Shades of Leopold’s plain citizen certainly color this description, and Curtin lends it yet more depth arguing, first, that “[w]omen’s knowledge is inherently collaborative…the project of the whole ecological community” (p. 90). She gives as an example cooking, the sharing of culinary traditions, and seed sharing (p. 90). Second, Curtin argues that “[w]omen’s knowledge is … transparently situated” (p. 90). That is, “to form an opinion, women need to know the life histories of the people and contexts they are speaking about” (p. 90). Third, “[w]omen’s knowledge is temporal” (p. 90). Yet “if it grows out of actual contexts and histories, it is also future-directed… [It] operates not only in the spaces between individuals but also in the times between generations” (p. 90). Lastly, Curtin argues that “women’s knowledge is bodily knowledge.” Because cultural dualisms have defined women in terms of the body and nature, women tend to cultivate knowledge that integrates head and hand. Their knowledge consists more in “thoughtful ways of doing” than in “ways of thinking about” (pp. 90–1).

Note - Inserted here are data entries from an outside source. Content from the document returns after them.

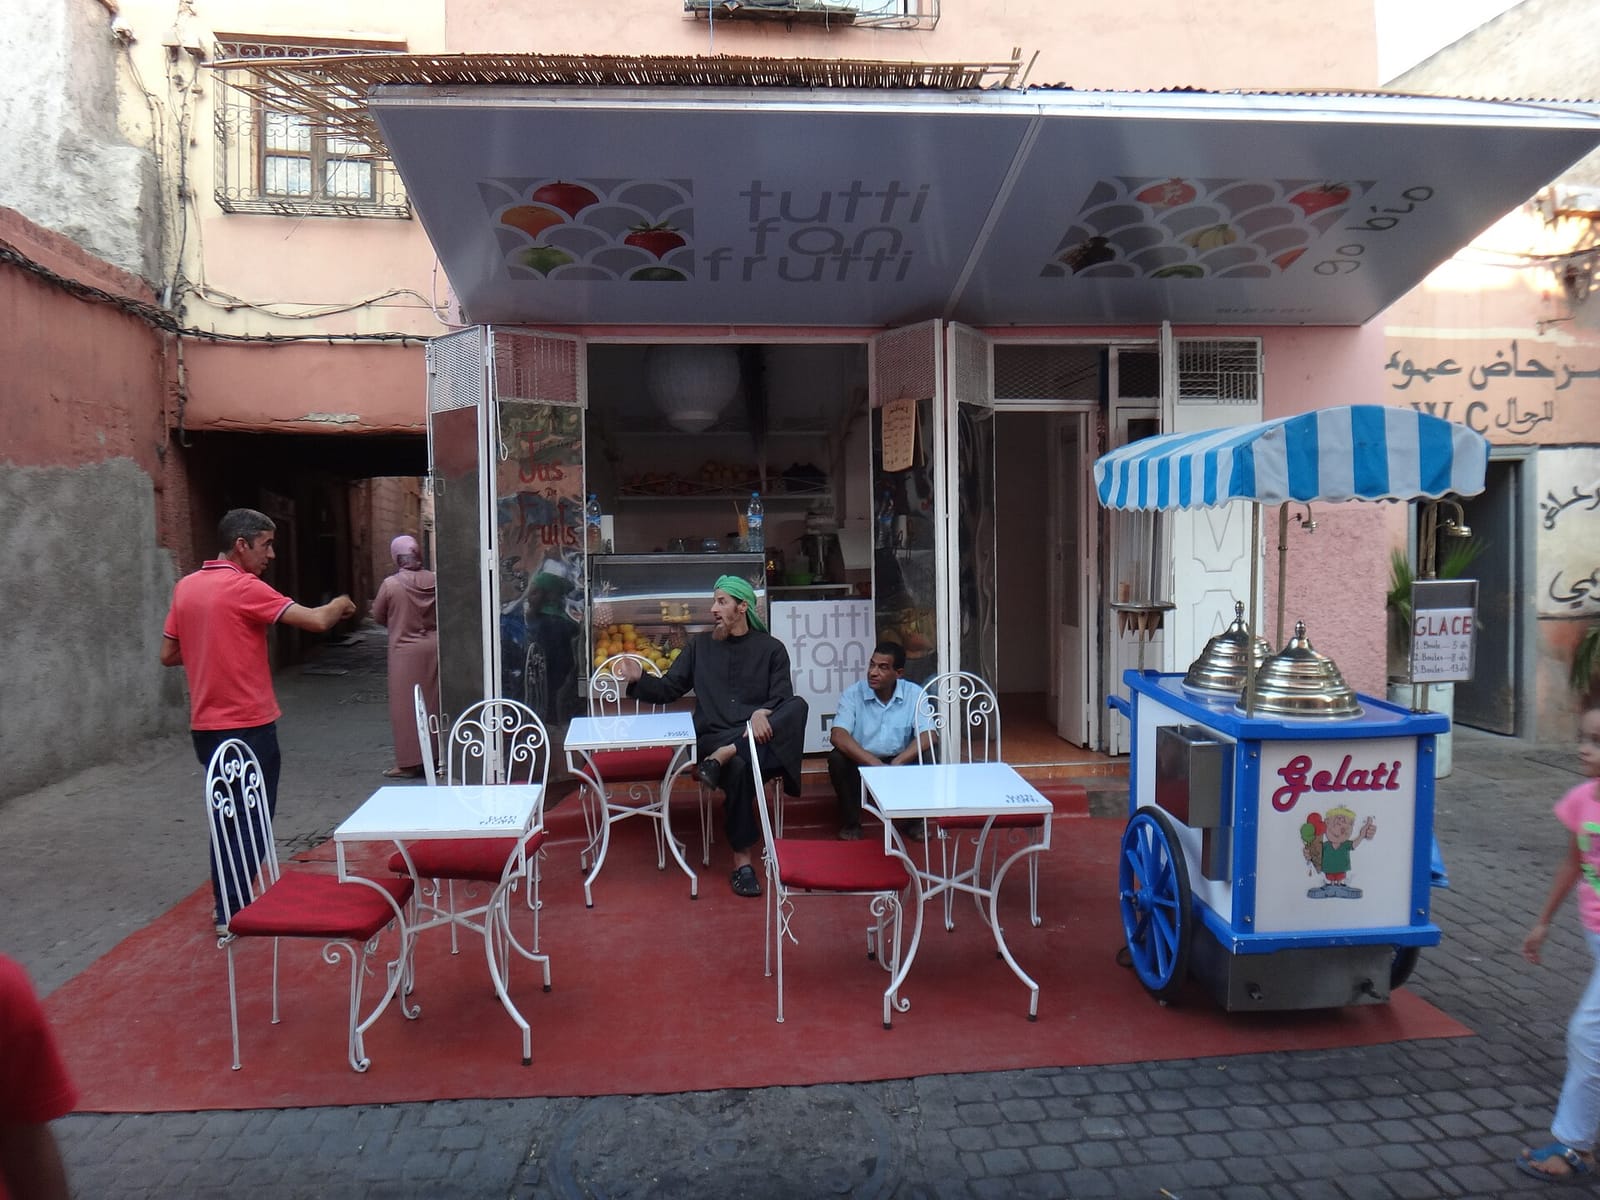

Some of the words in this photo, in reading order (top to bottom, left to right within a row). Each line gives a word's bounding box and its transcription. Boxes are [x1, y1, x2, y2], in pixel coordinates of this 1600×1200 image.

[739, 180, 931, 223] tutti
[750, 216, 904, 256] fan
[702, 247, 914, 283] frutti
[1469, 339, 1600, 391] رحاض
[787, 605, 870, 639] tutti
[1413, 615, 1473, 636] GLACE
[792, 634, 866, 668] fan
[791, 660, 865, 695] rutt
[1272, 754, 1402, 812] Gelati
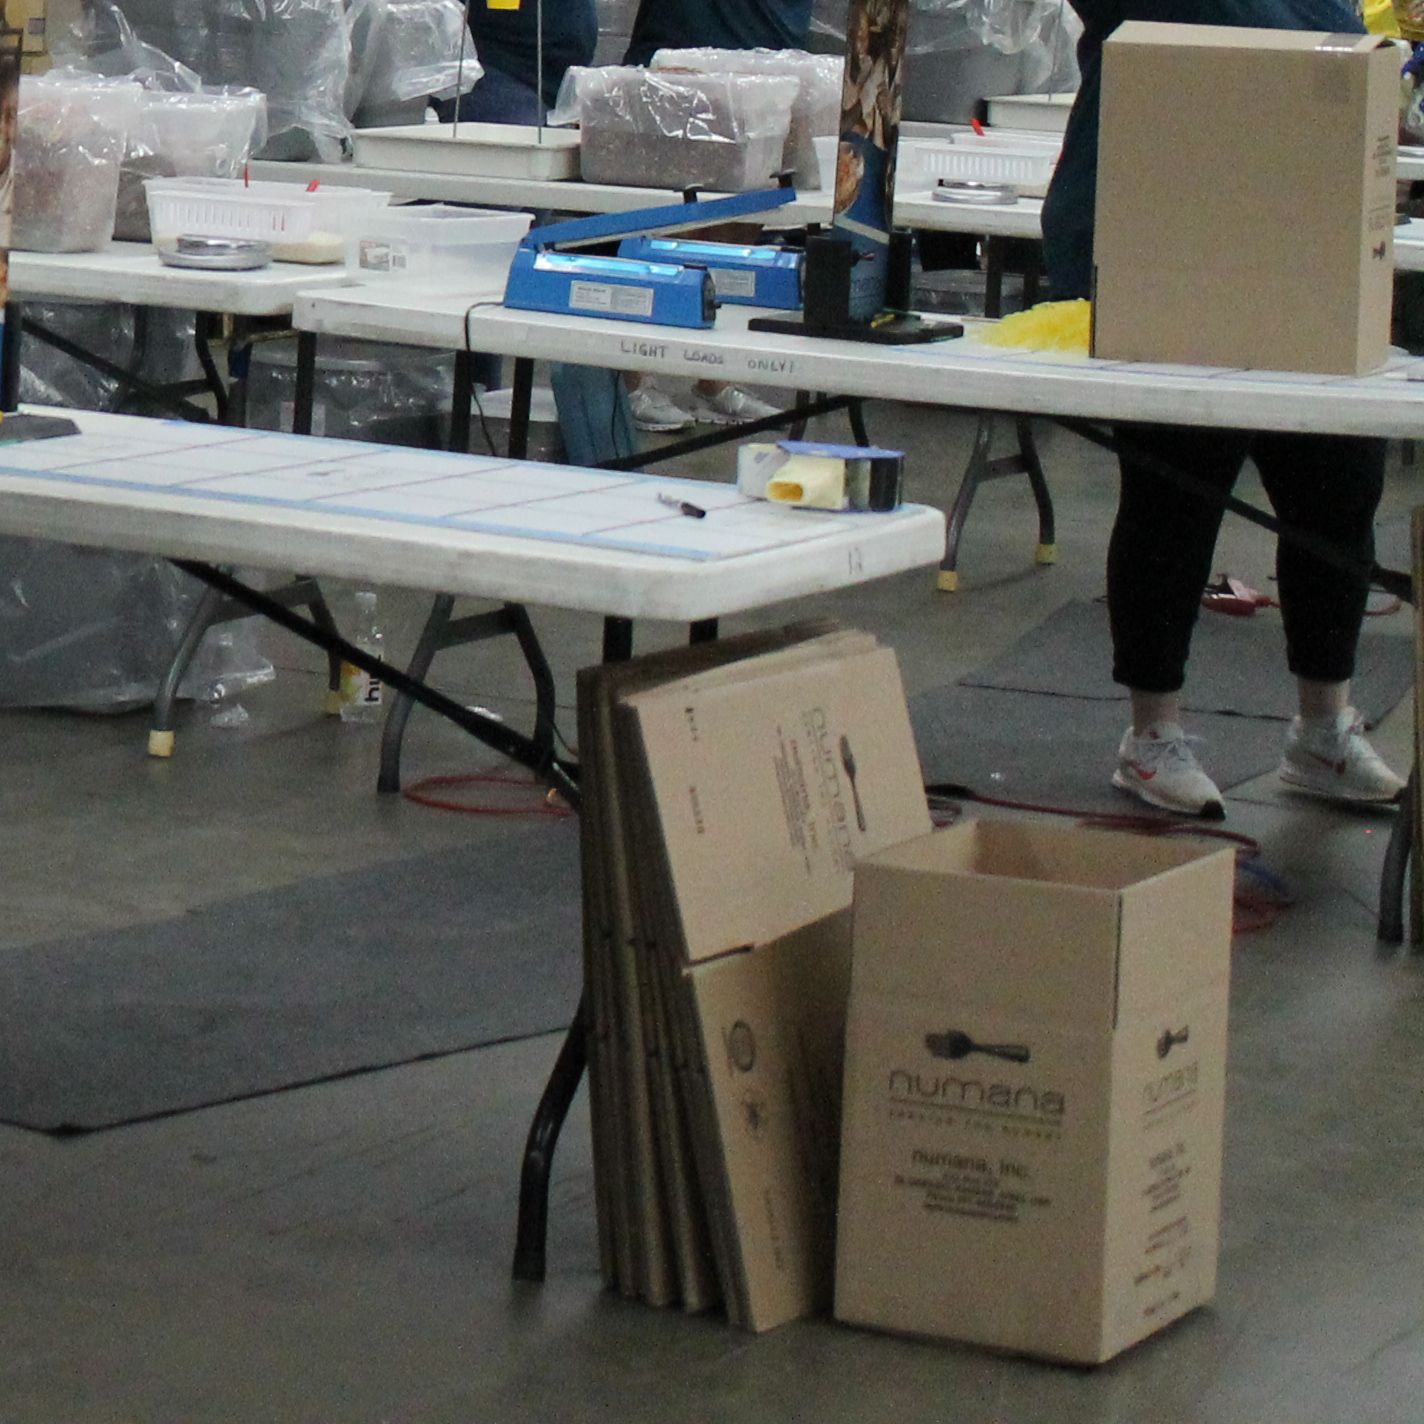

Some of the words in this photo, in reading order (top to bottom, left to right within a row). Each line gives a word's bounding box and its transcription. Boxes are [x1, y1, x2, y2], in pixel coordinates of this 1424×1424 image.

The dualisms Curtin refers to are precisely the same that White credits for the rise of Christian anthropocentrism, but while Curtin is careful to remind her reader that her own account generalizes—practices vary across culture, geography, and ecology—she also insists the ecological and relational quality of women’s knowledge offers something vital to developing a more ecologically oriented ethic. Indeed, the very conditions under which many indigenous women engage in subsistence farming may, argues Curtin, offer a reason to take women’s knowledge seriously, “Poor Third World women,” she writes, “cannot even pretend to escape the temporal reality of life that is demanded by caring labor… Caring labor produces transparent knowledge; such knowledge is superior just because it is transparent, situated between nature and culture. Survival depends on it” (p. 92). For Curtin, the prospect of transparency in the relation between nature and culture evinces an important moral value: honesty or frankness—a value Leopold advocates for the plain citizen. Because caring labor, moreover, is about labor that’s collaborative, temporally situated, and bodily, and because it’s intimately associated with survival—with life and death—it surely makes sense to characterize it as the work of conscience, ecological conscience.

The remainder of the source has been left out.